Desenvolvimento da economia de baixa altitude pode ser “novo ponto de crescimento económico”

0
87
FOTOGRAFIA ELOI CARVALHO

Na reunião plenária de ontem da Assembleia Legislativa (AL), o deputado Chui Sai Peng instou o Governo a ponderar desenvolver a chamada “economia de baixa altitude” como forma de diversificação económica da região.

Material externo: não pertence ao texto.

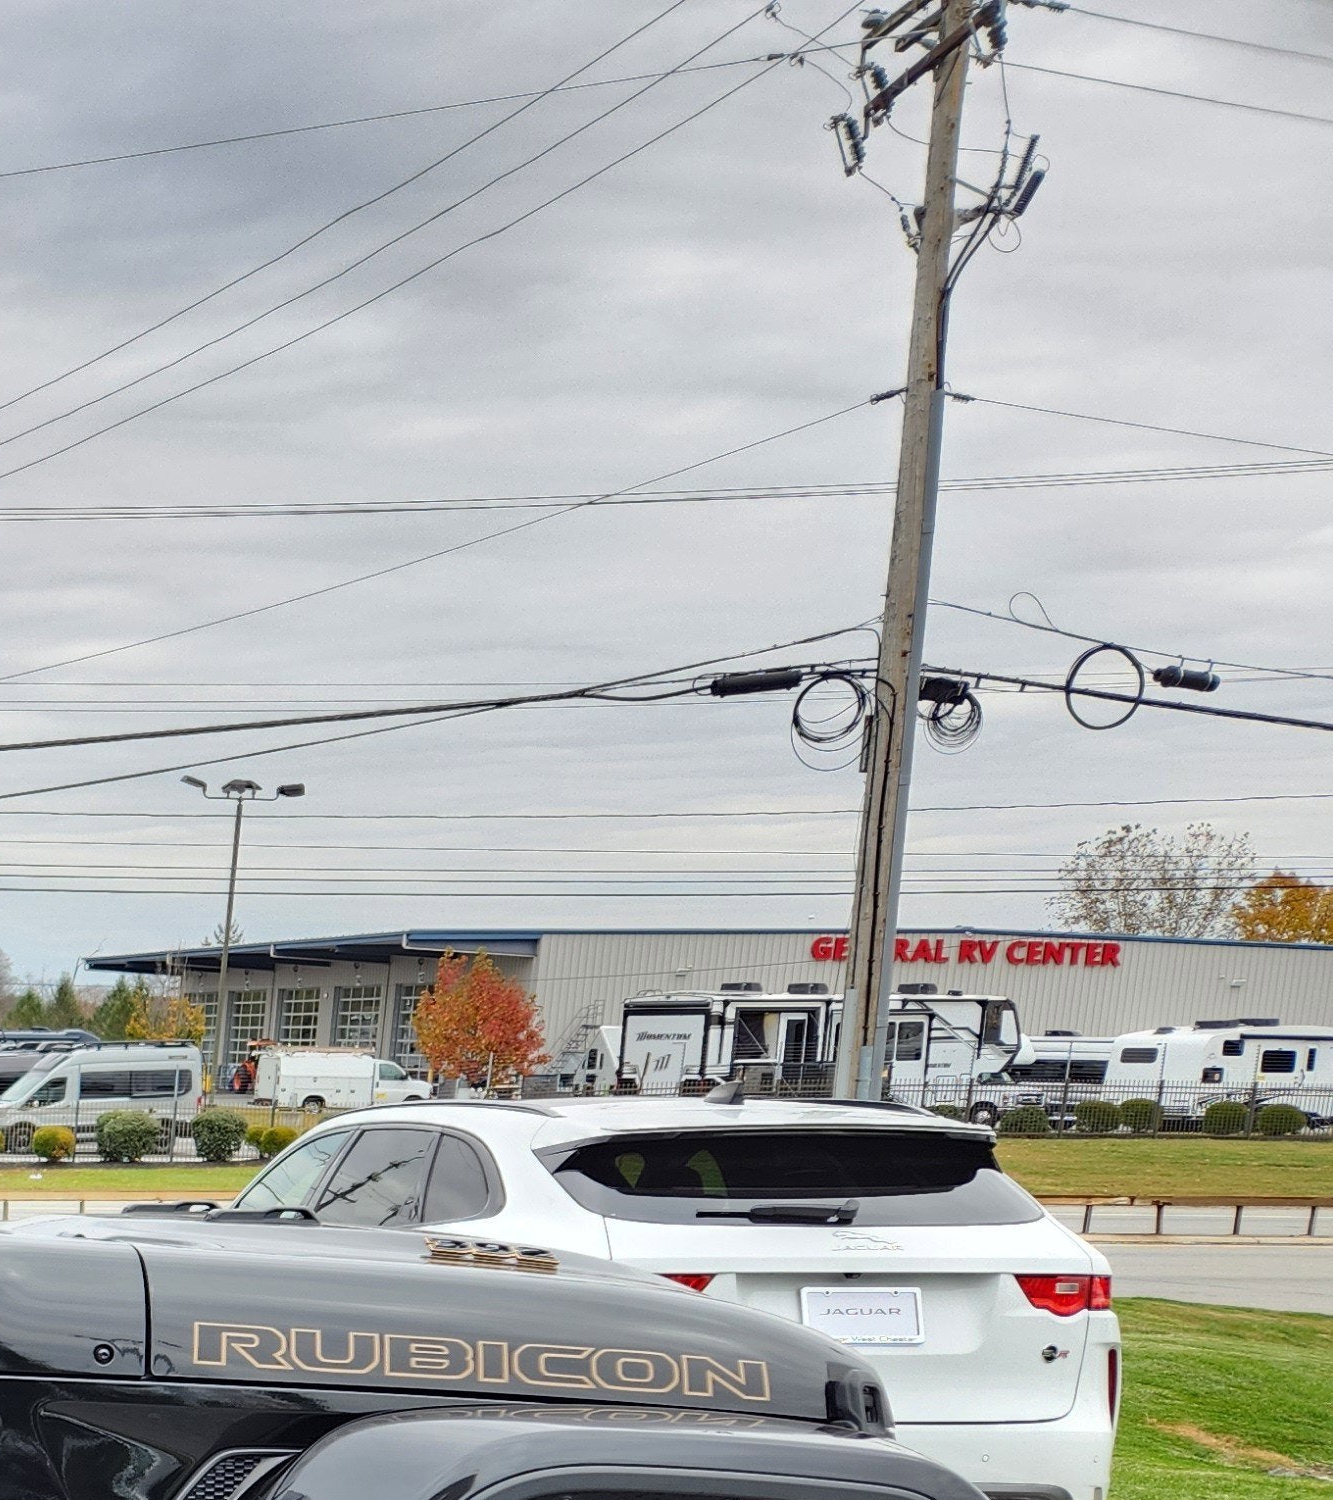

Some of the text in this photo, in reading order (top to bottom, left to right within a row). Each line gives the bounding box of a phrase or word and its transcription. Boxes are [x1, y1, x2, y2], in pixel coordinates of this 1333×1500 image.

[810, 936, 1121, 968] GERAL RV CENTER
[818, 1306, 903, 1317] JAGUAR
[192, 1321, 773, 1402] RUBICON

Na sua primeira vez no hemiciclo enquanto secretário para a Economia e Finanças, Tai Kin Ip afirmou que esta área “pode injectar uma nova dinâmica no desenvolvimento da diversificação adequada da economia, formando um novo ponto de crescimento económico”.

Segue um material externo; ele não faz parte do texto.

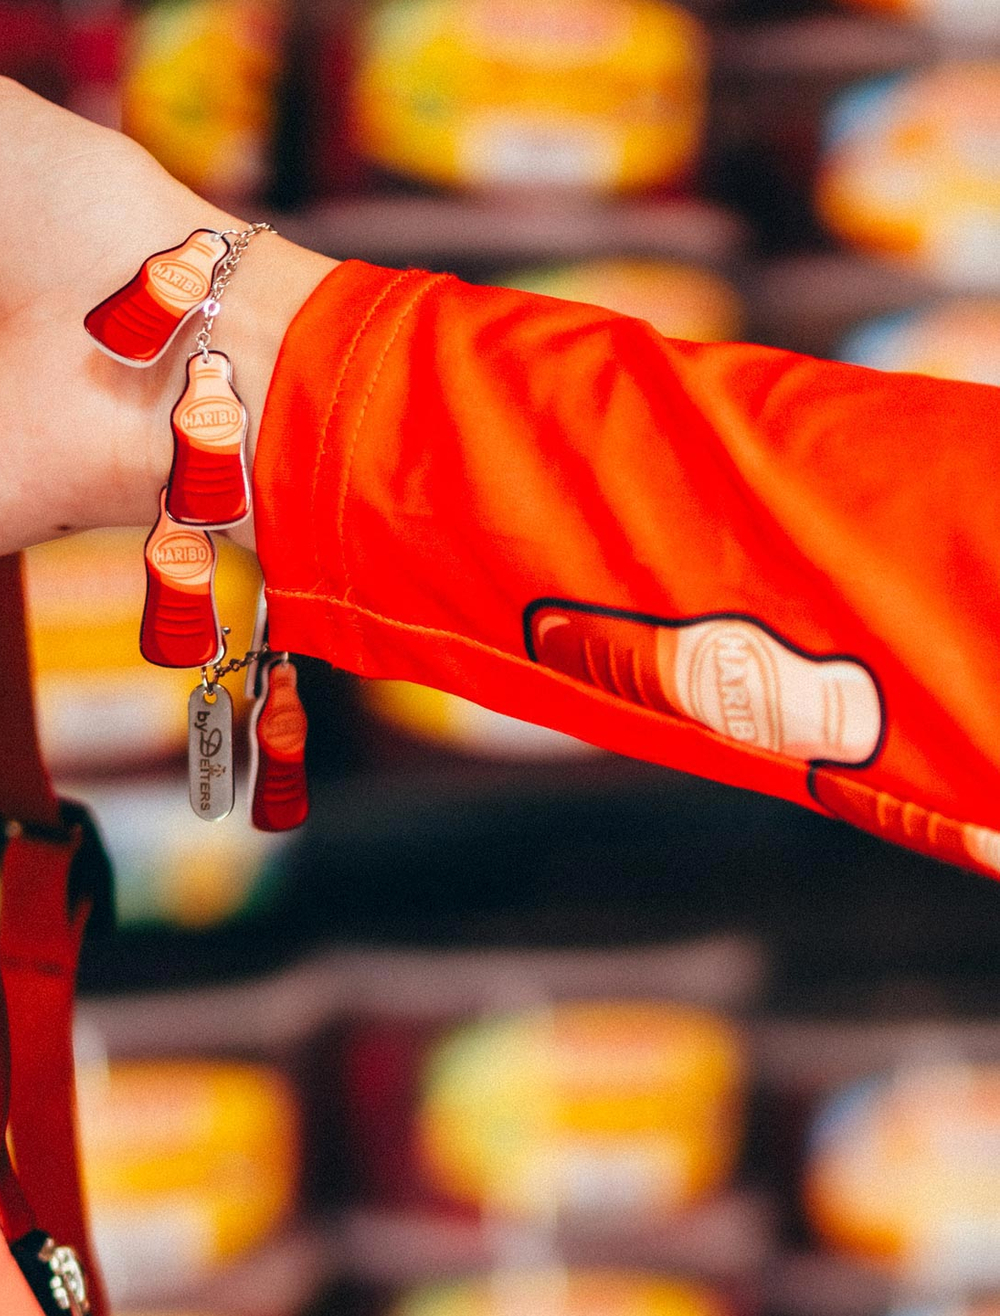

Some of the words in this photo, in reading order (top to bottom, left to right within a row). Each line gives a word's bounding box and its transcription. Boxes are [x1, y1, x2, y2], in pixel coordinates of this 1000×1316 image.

[154, 262, 203, 297] HARIBO
[184, 409, 240, 429] HARIBO
[155, 549, 209, 565] HARIBO
[718, 636, 757, 743] HARIB
[194, 711, 211, 733] by
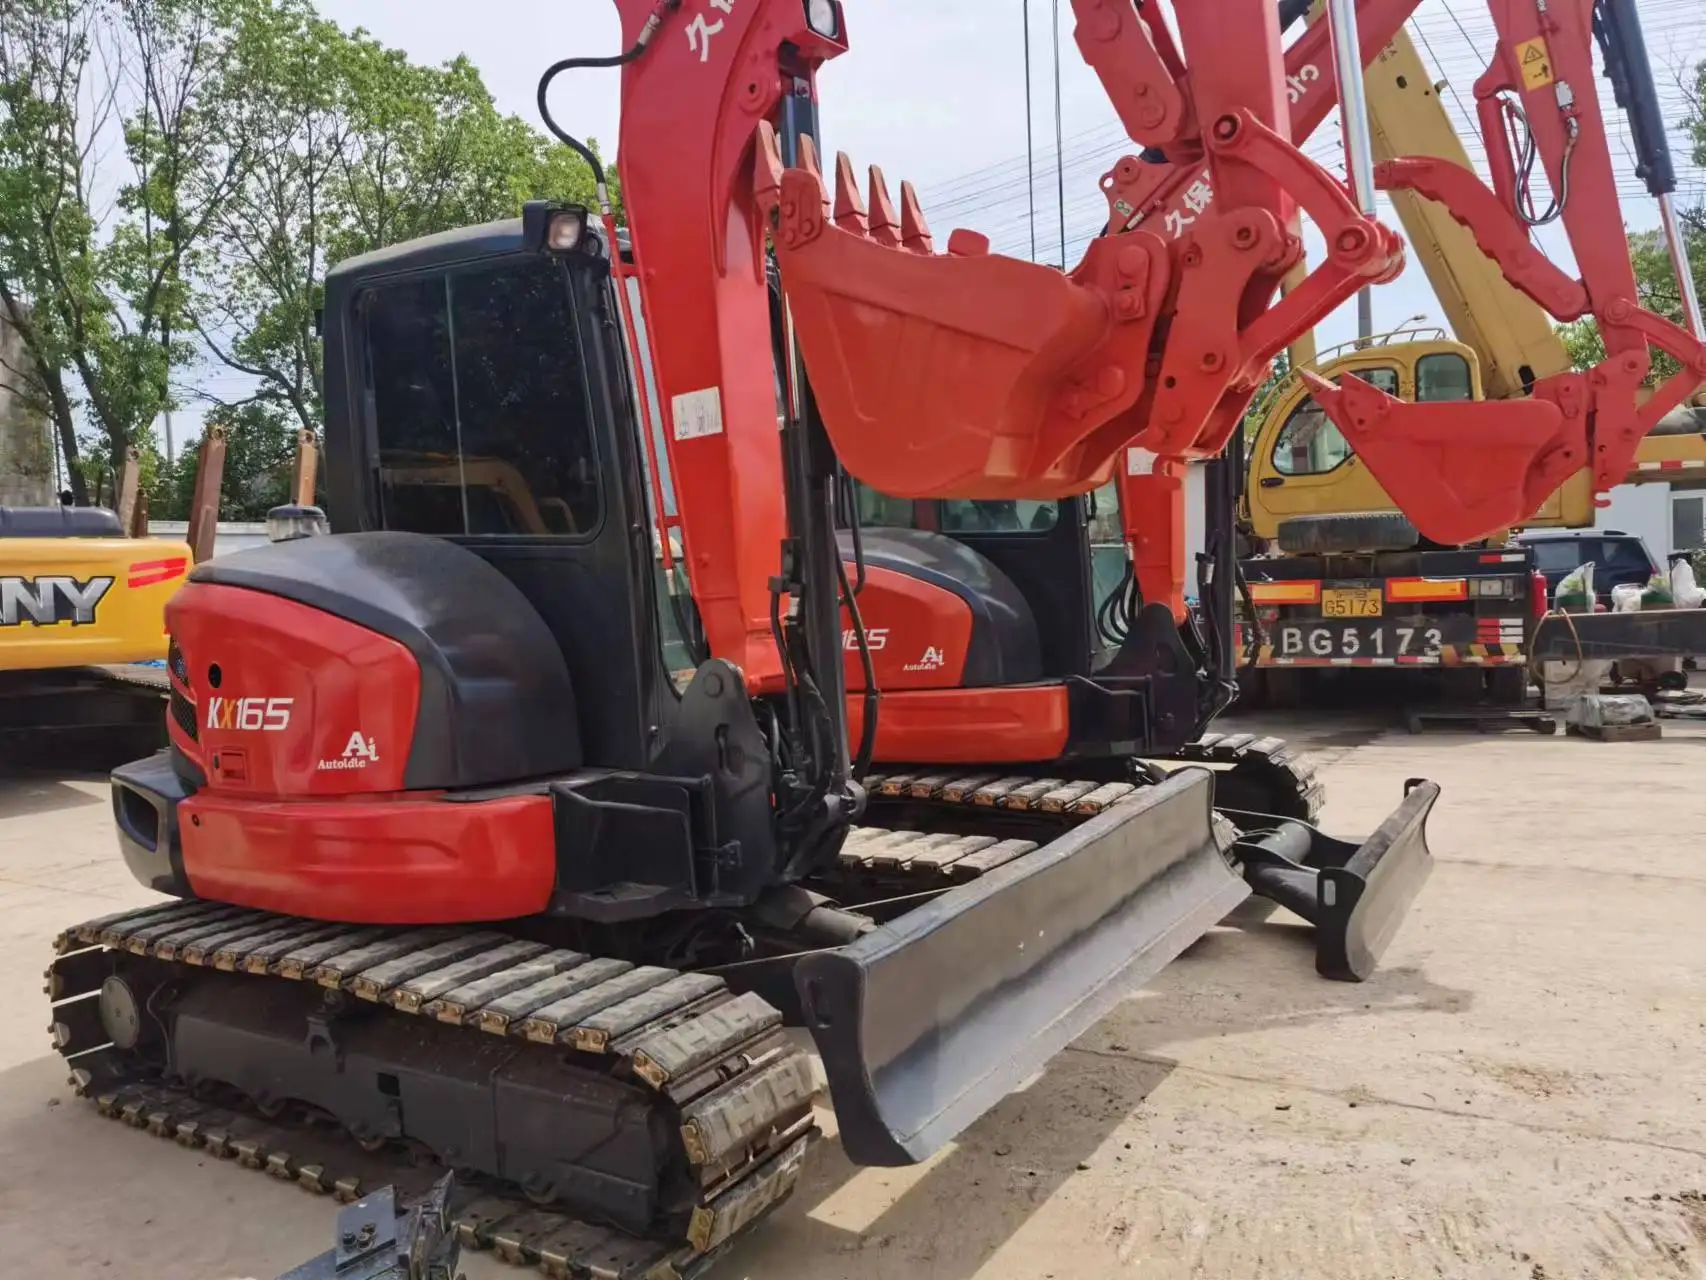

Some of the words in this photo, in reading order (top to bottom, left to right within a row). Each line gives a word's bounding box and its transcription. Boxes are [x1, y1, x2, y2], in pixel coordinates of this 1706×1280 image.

[1164, 168, 1213, 240] 久保
[0, 576, 116, 627] NY
[1324, 600, 1379, 615] G5173
[207, 696, 294, 730] KX165
[341, 730, 380, 761] Ai

A economia de baixa altitude constitui uma actividade económica que se baseia no espaço aéreo de baixa altitude e é assente na indústria da aviação geral, envolvendo os sectores dos transportes de baixa altitude, do turismo de baixa altitude, da investigação e educação em ciência, entretenimento e performance, entre outros, cujas aeronaves incluem drones e helicópteros, etc.

Tai Kin Ip lembrou que, em 2021 e 2022, foi organizada uma Gala de Drones Brilha Sobre Macau” e, por outro lado, desde o lançamento do Programa de Certificação de Empresas Tecnológicas, pela Direcção dos Serviços de Economia e Desenvolvimento Tecnológico, em 2023, até ao presente, cinco empresas tecnológicas de referência e 28 empresas tecnológicas potenciais obtiveram a qualificação de certificação, incluindo as que exploram principalmente a investigação e desenvolvimento do sistema de drones.

Na resposta à interpelação oral de Chui Sai Peng, o secretário garantiu que “o Governo da RAEM continuará a optimizar e lançar medidas de apoio que respondam às necessidades das empresas e que são vocacionadas para a criação de um melhor ambiente de desenvolvimento para as empresas de ciência e tecnologia de Macau, incluindo as envolvidas na economia de baixa altitude”. Tai Kin Ip também ressalvou que esta área “pressupõe a existência de leis e regulamentos adequados que regulem o transporte aéreo de aeronaves, incluindo os drones”.